В первом разделе книги — “„Английская деревенька” Пушкина” — сразу проявляется особый дар Кружкова: зоркость и неожиданность частных сопоставлений. Сюжеты работы: как Пушкин эволюционировал от ранних стихов к поздним и на каких английских поэтов он при этом похож в разное время. Сначала — как он вообще заинтересовался английской поэзией (тему “Байрон и Пушкин” Кружков затрагивает мельком — все-таки в русской филологии она изучалась много раз), когда Пушкин решил, что английский романтизм ему интереснее французского, как соотносятся “маленькие трагедии” с Шекспиром и с более поздними авторами, почему Пушкин считал значительным своим созданием драматическую поэму “Анджело”, которую и современники не очень поняли, и в наше время редко перечитывают. Одна из главных идей заключается в том, что Пушкин в 1830-е годы сближался — не прикладывая для этого специальных усилий — с поэтами “Озерной школы”, такими, как Кольридж и Саути (напомним, что в 1830 году Пушкин сделал перевод из Саути под названием “Мбедок в Уаллах”; правильнее было бы “в Уэльсе”, но “Уаллы”, как замечает Кружков, тоже хороши, потому что звучат архаично), а по другим признакам — с парадоксальным и страшным Браунингом. Попутно Браунинг с его вниманием к бессознательным страстям сравнивается с Достоевским, что выводит исследование за пределы только пушкинской эпохи, во-первых, и создает — редкий случай! — небанальную возможность проследить через Браунинга не замеченные ранее связи Пушкина с Достоевским, во-вторых.

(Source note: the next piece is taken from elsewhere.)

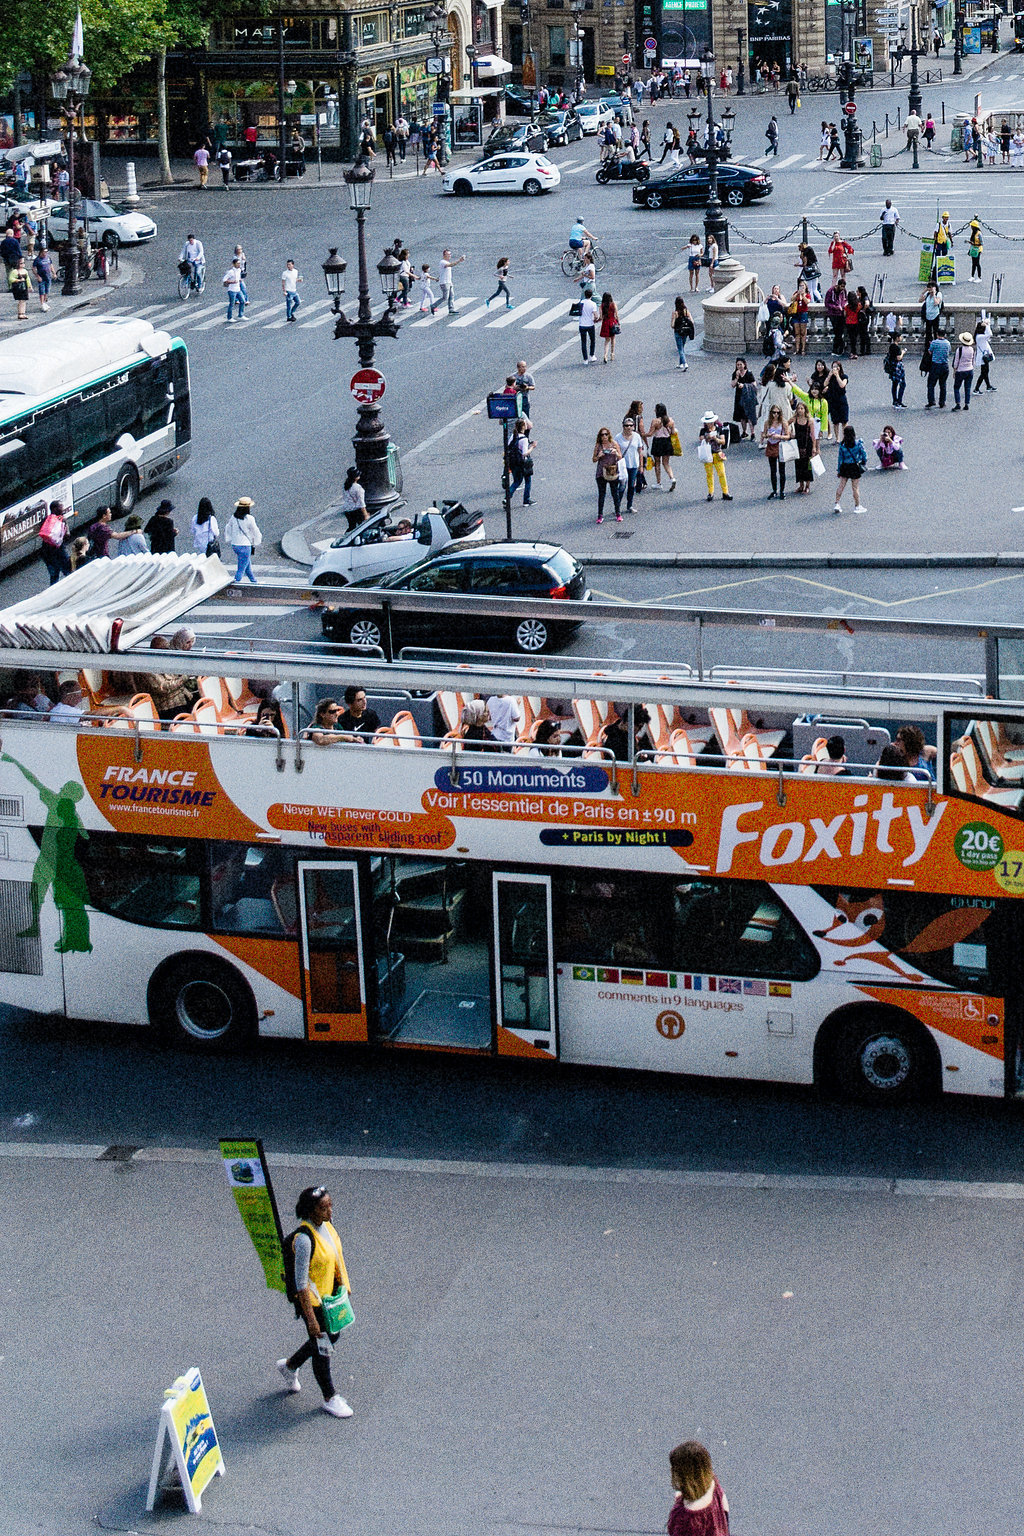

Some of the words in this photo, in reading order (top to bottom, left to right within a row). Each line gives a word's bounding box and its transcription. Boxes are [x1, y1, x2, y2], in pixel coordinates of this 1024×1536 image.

Еще больше, чем просто влияния, Кружкова интересуют встречи поверх истории, общение, полемика (например, Пушкина с Шекспиром), а важнейшая его идея — то, что он называет “синхронизмами”. Это когда поэты в разных странах примерно одновременно, но независимо друг от друга решают сходные художественные проблемы. Так построены главы “Пушкин и Китс” и “Пушкин и Браунинг”. Китса Пушкин почти наверняка не читал (Кружков даже выдвигает остроумную гипотезу, почему именно{{“Собрание стихов Китса (в книге четырех английских поэтов, которую Пушкин читал заведомо. — И. К.)... напечатанное в два столбца мельчайшим шрифтом „диамант”... начиналось с длинной поэмы „Эндимион”, стихи в которой идут одной сплошной колонной, без разбивки на строфы, и кончалось такими же сплошными колоннами ранних стихотворных посланий. Сонеты зрелого периода, „великие оды” Китса 1819 года, запрятаны где-то в середине, так что читатель, не очень хорошо знакомый с языком, без редакторских пояснений вряд ли и отыскал бы эти стихотворения”.}}), но у них есть несомненные переклички. “Мы ненавидим поэзию, которая имеет относительно нас очевидные намерения, а если мы не согласны, угрожающе засовывает руки в карманы. Поэзия должна быть великой и ненавязчивой” (Китс). Плюс особый эллинизм, плюс любовь к Шекспиру... В жизни они не встретились ни лично, ни текстами, но сосуществуют в особом меняющемся и живом пространстве. “У удивительных совпадений зачастую есть рациональные причины — логические цепочки и звенья, которые можно восстановить. Тогда мы услышим уже не одинокие голоса, а их перекличку. Поэты как бы взаимно комментируют, дополняют друг друга”. И рядом — цитата из Мандельштама о дальнем значении этой переклички: “сообщничество сущих в заговоре против пустоты и небытия”. Таким, по Кружкову, и является сообщничество (сообщество) поэтов, “communio poetarum — вещь хотя отчасти и мистическая, но вполне реальная”. Еще больше, чем к пушкинской эпохе, оно относится к серебряному веку, когда одновременно действовали “даже не одна, а несколько плеяд выдающихся поэтов (в каждом поколении — своя)”.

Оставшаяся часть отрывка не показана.